Alcohol-Related Injury Death and Alcohol Availability in Remote Alaska

Author Affiliations

From the Division of Field Epidemiology, Epidemiology Program Office, Centers for Disease Control and Prevention, Atlanta, Ga (Drs Landen and Moolenaar); Alaska Division of Public Health (Drs Landen, Beller, Funk, and Middaugh), and Office of the Medical Examiner, Alaska Division of Public Health (Dr Propst), Anchorage. Dr Landen is now with the New Mexico Department of Health Public Health Division, Las Cruces.

JAMA. 1997;278(21):1755-1758. doi:10.1001/jama.1997.03550210053038

Context.  —Injury is a major public health problem in Alaska, and alcohol consumption and injury death are associated.

Objective.  —To determine the association between injury death, particularly alcohol-related injury death, and alcohol availability in remote Alaska.

Design, Setting, and Participants.  —Survey using death certificate data and medical examiner records to compare mortality rates for total injury and alcohol-related injury during 1990 through 1993 among Alaskans aged 15 years and older who had resided in remote villages of fewer than 1000 persons.

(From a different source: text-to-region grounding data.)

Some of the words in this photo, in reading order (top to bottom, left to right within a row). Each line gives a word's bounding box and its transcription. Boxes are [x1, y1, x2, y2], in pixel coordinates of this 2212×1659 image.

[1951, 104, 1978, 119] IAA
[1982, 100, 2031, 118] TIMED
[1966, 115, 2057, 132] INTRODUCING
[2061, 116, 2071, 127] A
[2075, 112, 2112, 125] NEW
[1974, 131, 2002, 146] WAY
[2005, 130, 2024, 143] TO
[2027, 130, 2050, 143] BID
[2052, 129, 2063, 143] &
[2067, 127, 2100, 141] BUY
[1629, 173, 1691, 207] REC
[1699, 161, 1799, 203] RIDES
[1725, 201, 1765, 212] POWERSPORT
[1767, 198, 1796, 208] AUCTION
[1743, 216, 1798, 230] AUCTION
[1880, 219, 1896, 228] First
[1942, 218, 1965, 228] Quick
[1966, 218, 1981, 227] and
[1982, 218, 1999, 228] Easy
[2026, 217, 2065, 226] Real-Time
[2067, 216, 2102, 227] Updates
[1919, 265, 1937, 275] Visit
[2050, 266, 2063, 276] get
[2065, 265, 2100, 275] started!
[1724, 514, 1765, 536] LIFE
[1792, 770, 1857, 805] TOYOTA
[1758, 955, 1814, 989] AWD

Main Outcome Measures.  —Rate ratios of injury death among residents of wet villages (ie, those without a restrictive alcohol law) as compared with injury death among residents of dry villages (ie, those with laws that prohibited the sale and importation of alcohol).

Results.  —Of 302 injury deaths, blood alcohol concentrations (BACs) were available for 200 deaths (66.2%). Of these, 130 (65.0%) had a BAC greater than or equal to 17 mmol/L (≥80 mg/dL) and were, therefore, classified as alcohol related. The total injury mortality rate was greater among Alaska Natives from wet villages (rate ratio [RR],1.6; 95% confidence interval [CI], 1.3-2.1), whereas this difference was not present for nonnatives (RR, 1.1; 95% CI, 0.3-3.8). For Alaska Natives, the alcohol-related injury mortality rate was greater among residents of wet villages (RR, 2.7; 95% CI, 1.9-3.8) than among residents of dry villages. The strength of this association was greatest for deaths due to motor vehicle injury, homicide, and hypothermia.

Conclusions.  —Although insufficient data existed to adjust for the effects of all potential confounders, residence in a wet village was associated with alcohol-related injury death among Alaska Native residents of remote Alaska villages. These findings indicate that measures limiting access to alcoholic beverages in this region may decrease alcohol-related injury deaths.